The overall in-hospital mortality rate was 10.9% in patients with Marfan syndrome compared to 16.9% in patients without Marfan syndrome (P=0.010). Table 5 shows the rates of mortality and neurological complications (stroke and/or spinal cord ischemia) by type of dissection and treatment. For patients with type A dissection who underwent open surgical treatment, there was no significant difference in mortality between patients with or without Marfan syndrome (13.1% vs. 16.6%; P=0.265). For those who received medical treatment, mortality was very high in both groups, but lower in patients with Marfan syndrome than in patients without Marfan syndrome, however, this did not reach statistical significance (33.3% vs. 55.4%; P=0.091). In the cohort of patients with Marfan syndrome who underwent open surgical treatment for acute type B dissections (n=27), there were no mortalities, while the mortality rate in those without Marfan syndrome (n=210) was 17.6% (P=0.011). The mortality rates of type B dissection patients treated with medical, endovascular, and hybrid treatment were also lower in patients with Marfan syndrome than in those without, however, this difference was not statistically significant (see Table 5). Neurological complications occurred only in the surgically treated patients with Marfan syndrome (8.2% for type A dissection and 7.7% for type B dissection). However, there were no significant differences in the incidence of neurological complications in the cohort without Marfan syndrome.
Figure 2 shows 5-year survival rates of patients with and without Marfan syndrome. There was an initial survival advantage for patients with Marfan syndrome, lost after a follow-up duration of about 2 years. At 5 years follow-up, there was no significant difference in survival between the two groups (80.1% vs. 79.8%; P=0.712). Figure 3 shows reintervention rates of patients with and without Marfan syndrome. Patients with Marfan syndrome more frequently needed to undergo reinterventions, starting within the first year of follow-up. At 5 years follow-up, the difference between both groups in estimated freedom from reintervention rate was significant (44.7% vs. 81.5%; P<0.001). The 5-year freedom from reintervention rate was 54.4% vs. 88.0% (P<0.001) for patients initially treated with open surgery, 40.0% vs. 71.9% (P=0.071) for those with initial endovascular treatment and 32.0% vs. 71.5% (P<0.001) for patients with initial medical management.
The current updated IRAD analysis confirms a number of the typical characteristics of Marfan syndrome. First of all, it shows that dissection in Marfan syndrome occurs in patients at a younger age (37 vs. 62 years for type A; 40 vs. 64 years for type B). This has also been shown in a previous IRAD study, focusing on patients <40 years enrolled in the registry, which found that these patients were more likely to have Marfan syndrome (as well as bicuspid aortic valve and previous aortic surgery) than patients >40 years (7). Because of this younger age, Marfan syndrome patients are less frequently affected by atherosclerosis and hypertension at the time of dissection.
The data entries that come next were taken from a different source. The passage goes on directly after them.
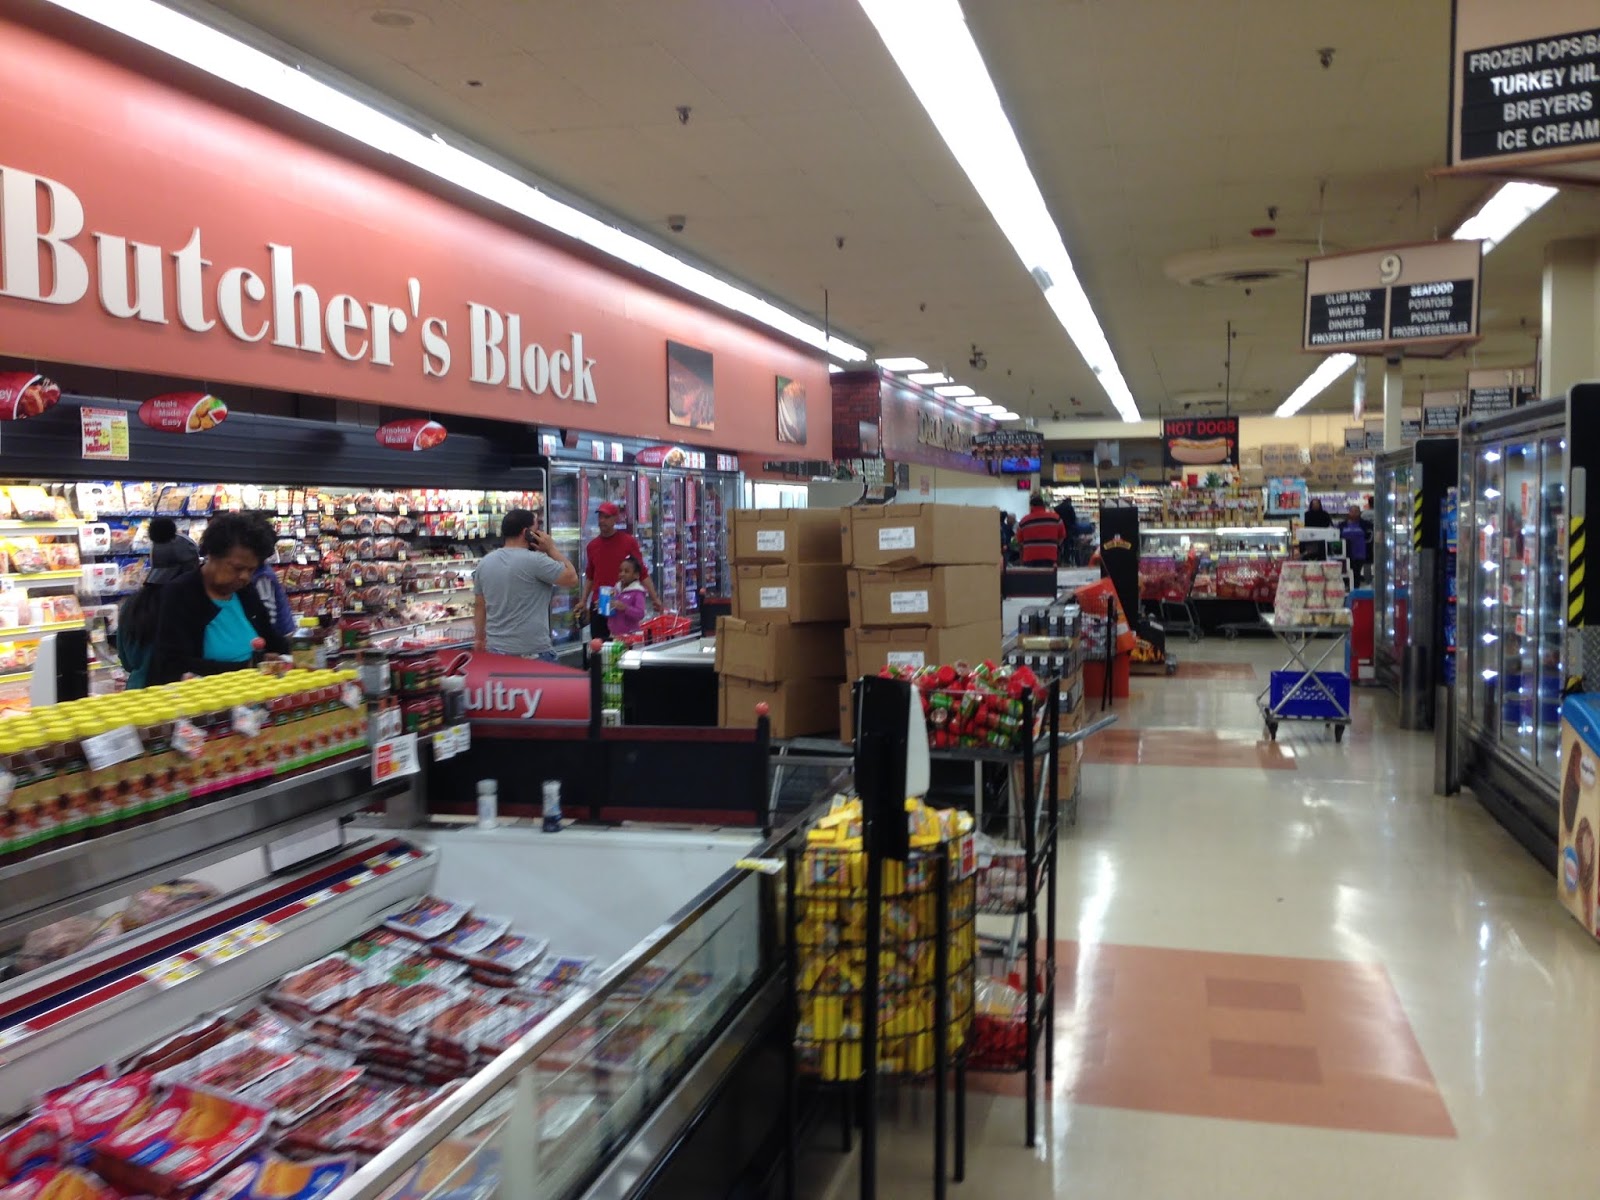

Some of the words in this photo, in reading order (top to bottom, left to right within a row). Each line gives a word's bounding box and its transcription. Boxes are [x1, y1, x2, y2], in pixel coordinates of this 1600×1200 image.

[1469, 45, 1534, 74] FROZEN
[1490, 66, 1567, 97] TURKEY
[1503, 90, 1594, 123] BREYERS
[1496, 127, 1528, 151] ICE
[1531, 117, 1600, 146] CREAM
[1379, 254, 1403, 284] 9
[0, 164, 451, 379] Butcher's
[466, 301, 598, 404] Block
[1410, 281, 1454, 298] SEAFOOD
[1325, 294, 1348, 306] CLUB
[1349, 291, 1372, 304] PACK
[1408, 296, 1454, 310] POTATOES
[1328, 304, 1367, 318] WAFFLES
[1410, 310, 1451, 324] POULTRY
[1328, 317, 1365, 331] DINNERS
[1392, 324, 1421, 338] FROZEN
[1421, 321, 1469, 335] VEGETABLES
[1312, 331, 1344, 345] FROZEN
[1345, 328, 1383, 342] ENTREES
[161, 418, 182, 428] Easy
[381, 426, 411, 435] Smoked
[1166, 421, 1194, 436] HOT
[1196, 420, 1236, 436] DOGS
[464, 680, 543, 719] ultry
Since Marfan syndrome is an autosomal dominant genetic disorder, it is to be expected that it affects men and women in equal proportions. However, we found that only about 35% of patients with aortic dissection were female, which was not different for patients with Marfan syndrome compared to those without, despite the higher incidence of pregnancy-associated dissection in Marfan syndrome. Recently published data from a Danish national registry of Marfan syndrome patients confirm that male patients have a 75% higher risk of an aortic event than female patients at any given age (9). Aortic dilatation does not appear to be more prevalent in male than in female adolescents with Marfan syndrome (10). It is not clear why aortic dissection in Marfan syndrome occurs more frequently in men, but there are several hypotheses, including a still unknown protective effect of the X chromosome in women (11). This is suggested by the fact that women with a deficiency of the X chromosome (Turner syndrome) have a significantly increased risk of aortic disease, including dissection (12).
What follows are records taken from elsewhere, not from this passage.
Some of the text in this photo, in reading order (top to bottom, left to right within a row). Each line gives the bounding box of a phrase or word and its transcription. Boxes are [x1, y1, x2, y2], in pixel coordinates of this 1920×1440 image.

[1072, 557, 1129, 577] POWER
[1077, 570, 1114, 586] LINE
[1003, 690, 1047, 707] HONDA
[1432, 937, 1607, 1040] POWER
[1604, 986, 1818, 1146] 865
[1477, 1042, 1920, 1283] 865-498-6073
We noted significantly larger diameters of the aortic annulus and root in the Marfan syndrome cohort, but not larger diameters more distally. This supports that aortic dilatation in Marfan syndrome involves the annulus and root predominantly. The increased diameter of the aortic annulus is associated with a higher incidence of aortic valve insufficiency. We did not note a difference between Marfan and no Marfan syndrome in the frequency of concomitant aortic valve replacement during surgery for aortic dissection, but this is probably due to the fact that almost a third of patients with Marfan syndrome had already undergone an aortic valve replacement previously. Interestingly, while the aortopathy in Marfan syndrome manifests itself mainly in the proximal aorta, we found no difference in the distribution of type A and B dissection between the cohorts with and without Marfan syndrome.
Another interesting observation is that the incidence of aortic rupture appears to be lower in Marfan syndrome, as suggested by the lower incidence of pericardial effusion and periaortic hematoma on preoperative imaging. One can speculate about the cause. It might be due to the interval time from onset of symptoms to diagnosis, which was significantly shorter in Marfan syndrome (median 4.1 vs. 5.0 hours, P=0.014), however, the difference in timing of intervention (for type A dissection) did not reach statistical significance (8.2 vs. 9.5 hours, P=0.117).
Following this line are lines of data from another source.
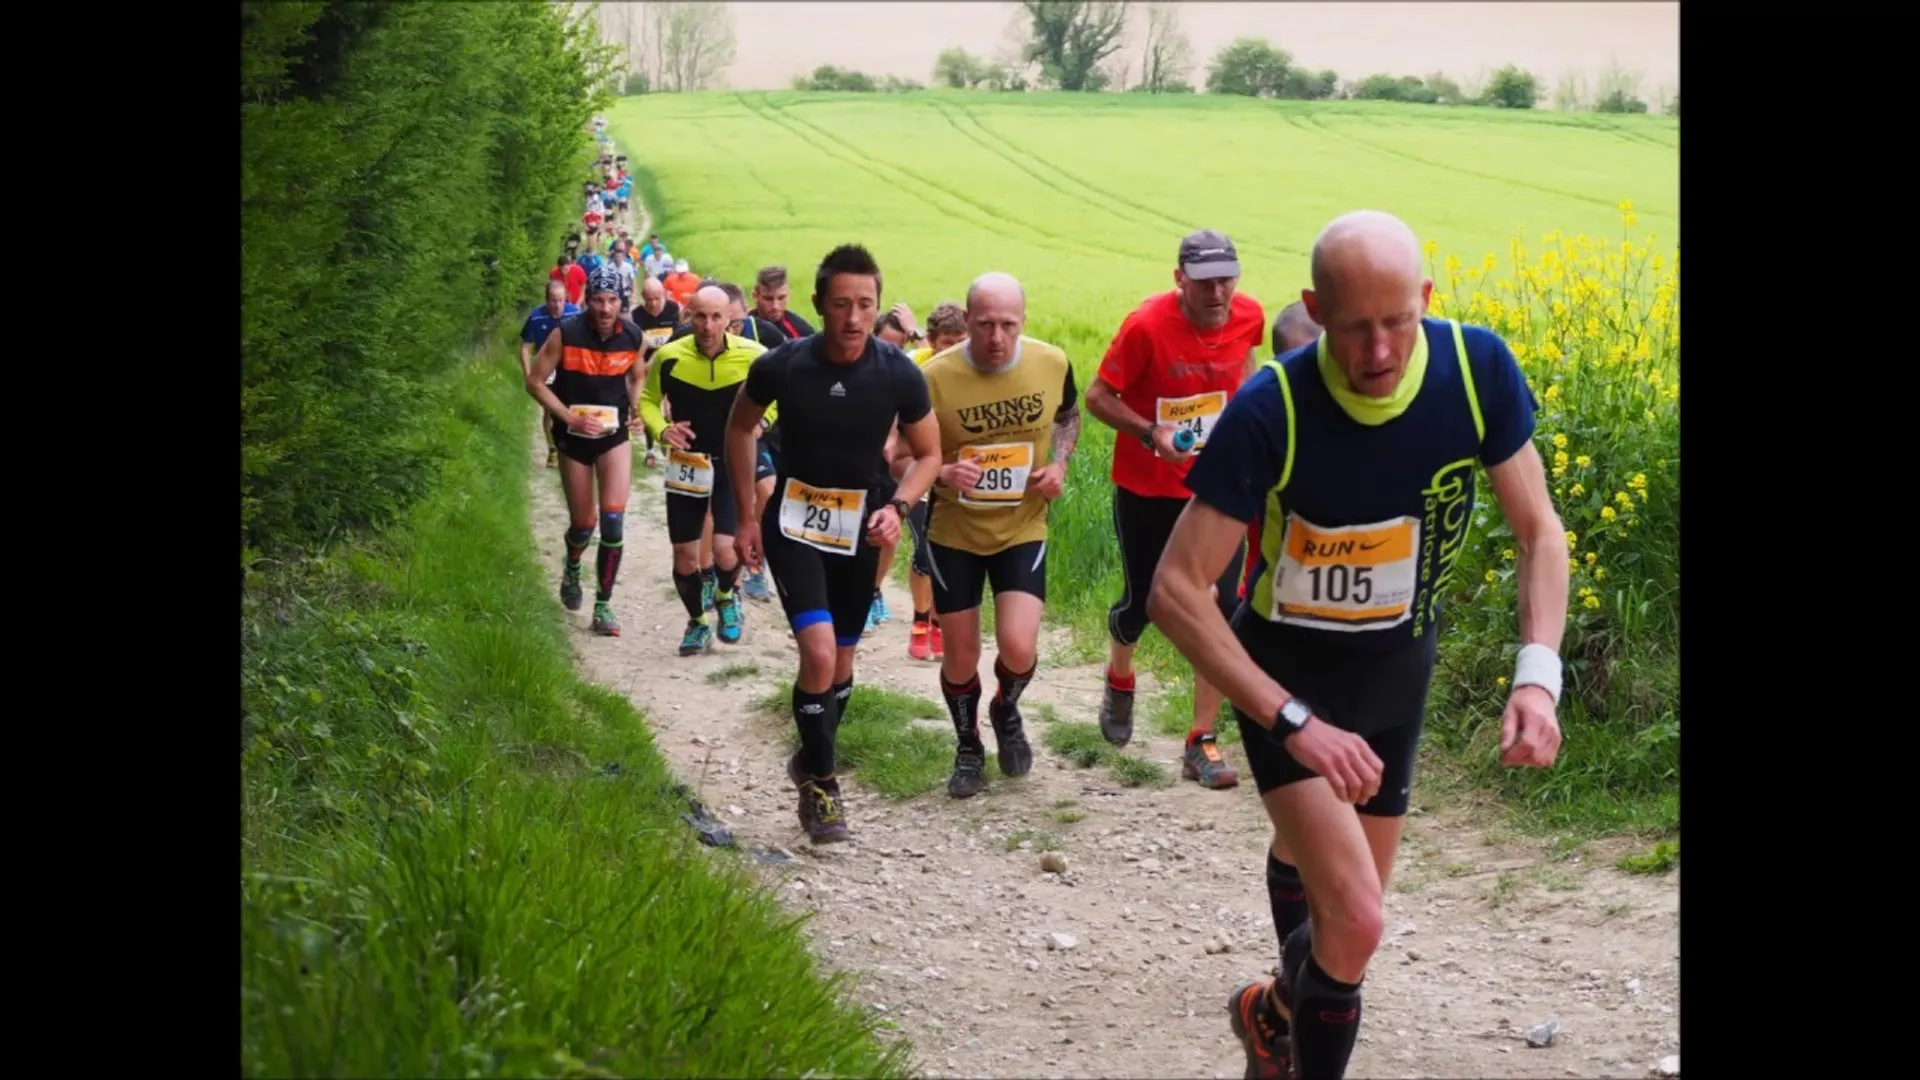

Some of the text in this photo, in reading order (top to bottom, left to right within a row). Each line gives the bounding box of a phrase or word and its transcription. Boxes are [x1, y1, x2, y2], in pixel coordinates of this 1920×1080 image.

[1169, 404, 1196, 416] RUN
[987, 411, 1026, 430] DAY
[679, 463, 695, 483] 54
[975, 467, 1013, 491] 296
[803, 504, 831, 532] 29
[1302, 539, 1355, 558] RUN
[1307, 564, 1374, 605] 105
The in-hospital mortality after surgical treatment of type A dissections was not significantly different for patients with or without Marfan syndrome. A potential reason might be the more extensive surgery that Marfan patients require, both proximally at the level of the aortic root, and distally, at the level of the arch. Such longer operations are associated with longer cross clamp times, which is a known predictor for postoperative mortality (13). Results from other studies suggest that initial hemiarch replacement, eventually followed by elective secondary surgery in case of distal adverse aortic events, is an effective treatment approach (14,15).
In contrast, the in-hospital survival of Marfan syndrome patients with type B dissection appears to be better than that of patients without Marfan syndrome. The cohort that was treated with open surgery seemed to do especially well, with a 0% mortality rate (n=27), despite the fact that some of the patients may have been enrolled up to twenty years ago. The experience with endovascular treatment of type B dissection in Marfan syndrome is limited, both within IRAD and other published literature, but suggests relatively high complication rates (16). Currently, many experts believe that only after previous graft replacement of parts of the aorta, creating safe landing zones, is there a potential role for endovascular therapy in Marfan syndrome. In case medical management fails, open surgery should thus remain first-line therapy for Marfan syndrome patients with type B dissection, even in the endovascular era, unless the risk of open surgery is considered prohibitive or for life-saving complications.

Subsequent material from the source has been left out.